Dr Melissa Raphael teaches at the University of Gloucester and her most important work on the Holocaust, The Female Face of God in Auschwitz, was shortlisted for the Koret Jewish Book Awards. Raphael suggests that most of the time we - by which she means the male Jewish theologians who engage with the Holocaust – ask the wrong question. We ask the question, ‘where was God in the Holocaust?’ And what we should be asking is ‘Who was God in the Holocaust?’

The answers to the first question – the male question – where was God? - are fundamentally bleak. For Buber, God was in eclipse. For Weisel, God was hanging on the scaffold. For Rubenstein, God is dead. For untold numbers of those who survived or those who have come after the Holocaust asking the first question, where was God, results in a denial of any kind of God at all. If this could happen, so many of us have responded, then there is no God. There is no judge, there is no justice.

But Raphael’s point is that those bleak answers to that bleak question are predicated on the wrong notion of what God might be, they are predicated on a male notion of God that was the wrong notion to have in the first place.

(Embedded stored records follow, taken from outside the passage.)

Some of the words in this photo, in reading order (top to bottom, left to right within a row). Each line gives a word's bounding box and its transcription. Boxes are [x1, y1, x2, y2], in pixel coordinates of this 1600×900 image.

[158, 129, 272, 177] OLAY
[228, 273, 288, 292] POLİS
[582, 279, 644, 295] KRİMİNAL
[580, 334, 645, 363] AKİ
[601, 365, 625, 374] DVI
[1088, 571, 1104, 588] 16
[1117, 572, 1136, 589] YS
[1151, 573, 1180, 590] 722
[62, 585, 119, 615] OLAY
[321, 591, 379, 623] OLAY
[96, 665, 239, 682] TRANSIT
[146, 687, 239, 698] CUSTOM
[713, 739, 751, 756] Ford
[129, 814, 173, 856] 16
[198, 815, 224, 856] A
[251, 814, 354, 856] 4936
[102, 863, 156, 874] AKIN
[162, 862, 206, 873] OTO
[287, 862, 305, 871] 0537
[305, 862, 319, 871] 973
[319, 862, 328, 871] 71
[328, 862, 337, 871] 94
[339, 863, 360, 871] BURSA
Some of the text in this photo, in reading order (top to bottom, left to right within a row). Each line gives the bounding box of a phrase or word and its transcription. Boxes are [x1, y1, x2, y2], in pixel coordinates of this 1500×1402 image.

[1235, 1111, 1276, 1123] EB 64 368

Raphael goes about her investigation of God in Auschwitz very, it seems, inspired by Fackenheim’s work, To Mend the World. She starts by collecting stories, by collecting truths. She’s not interested in looking away, downplaying or belittling the awfulness of what happened in Auschwitz. But when she looks at the behaviour, in particular, of the women in that place of darkness and horror, she sees something remarkable. She sees acts of love.

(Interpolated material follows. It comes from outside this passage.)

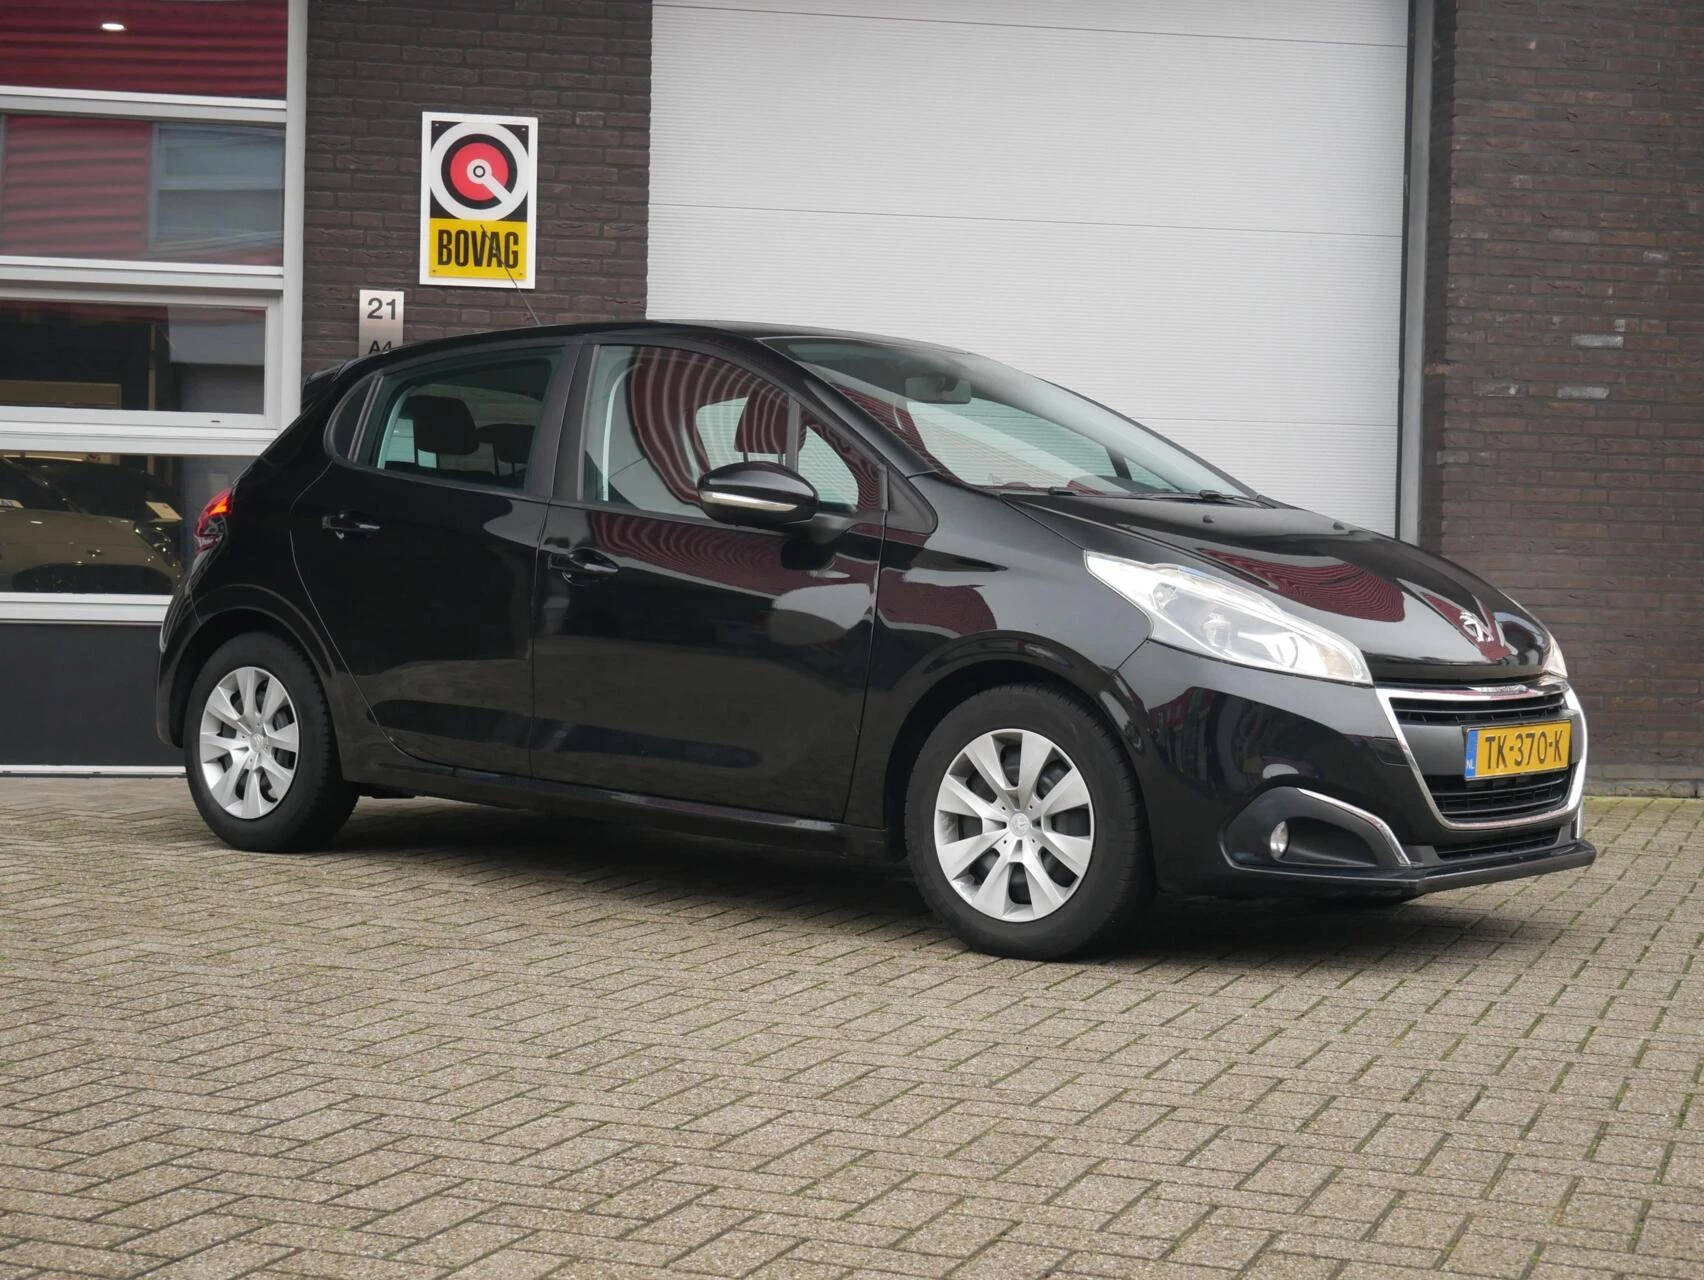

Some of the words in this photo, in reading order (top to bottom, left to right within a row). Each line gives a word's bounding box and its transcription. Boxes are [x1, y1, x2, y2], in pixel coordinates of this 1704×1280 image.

[437, 229, 519, 269] BOVAG
[366, 297, 397, 320] 21
[1485, 730, 1563, 769] TK-370-K

In a review essay on Raphael’s work the Christian theologian, Christopher Pramuk records the following;

Raphael tells the story of a woman who, torn from her husband and children by SS guards immediately after arriving at the camp, falls weeping on the frozen ground “with the flaming crematoria before her,” when she suddenly feels two hands lay a garment around her shoulders. An old Frenchwoman had stepped forward, wrapping her in her own cloak, whispering [words of comfort] She recalls another now-iconic story of an old woman who is remembered “for holding in her arms a motherless 1-year-old child as she stood at the edge of the communal pit, about to be shot with the rest of her village by Nazi troops. The old woman sang to the child and tickled him under the chin until he laughed with joy. Then they were shot.”[1]

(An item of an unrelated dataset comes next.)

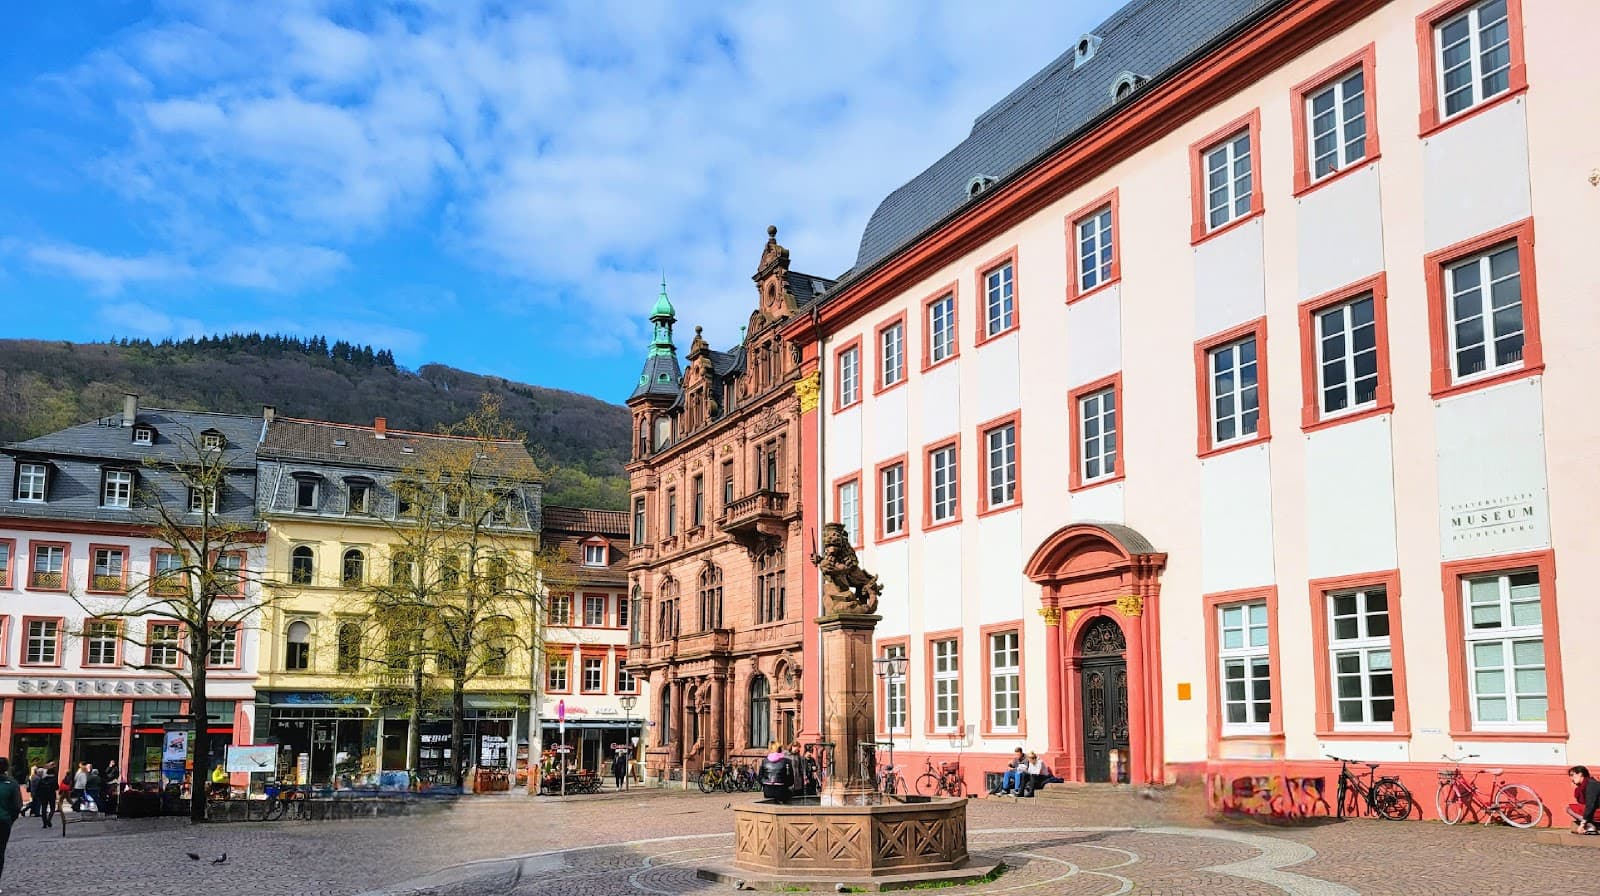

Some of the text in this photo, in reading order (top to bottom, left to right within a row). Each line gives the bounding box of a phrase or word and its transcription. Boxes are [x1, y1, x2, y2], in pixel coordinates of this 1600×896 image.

[1451, 506, 1533, 526] MUSEUM
[1453, 525, 1533, 540] HEIDELBERG
[17, 679, 185, 694] SPARKASSE

For Raphael these, and there are countless other, tales of tiny acts of kindness and comfort in the midst of awful tragedy, acts performed by men as well as women, non-Jews as well as Jews and even, it should be admitted, Germans as well. For Raphael there is something godly in these acts, and the god they define is a god of kindness, and bravery in the face of great contrary powers of chaos and cruelty. God is defined relationally – in relation to human beings. God is not some aloof distant deity lurking all-mighty behind an eclipsing shadow, but rather found and experienced in the most tiny of acts. God arises and is shaped by us, relationally.

It’s an important and fascinating way of reframing the entire theological endeavour. No longer are we to start with the classic propositions of a masculine-framed theology; God is the first cause, the unmoved mover and so on. But rather God is a dwelling of mercy and kindness in a fractured shattered world. God is created as women, and men, make themselves visible to one another as human beings –Levinas is a major influence. If one of the goals of the Nazi oppressors was to dehumanise Jews, strip us of our names, our clothes, our bodies, our lives even – we were to be turned into a factory output; instead Raphael recounts and records the acts of visibility of humans acting humanely.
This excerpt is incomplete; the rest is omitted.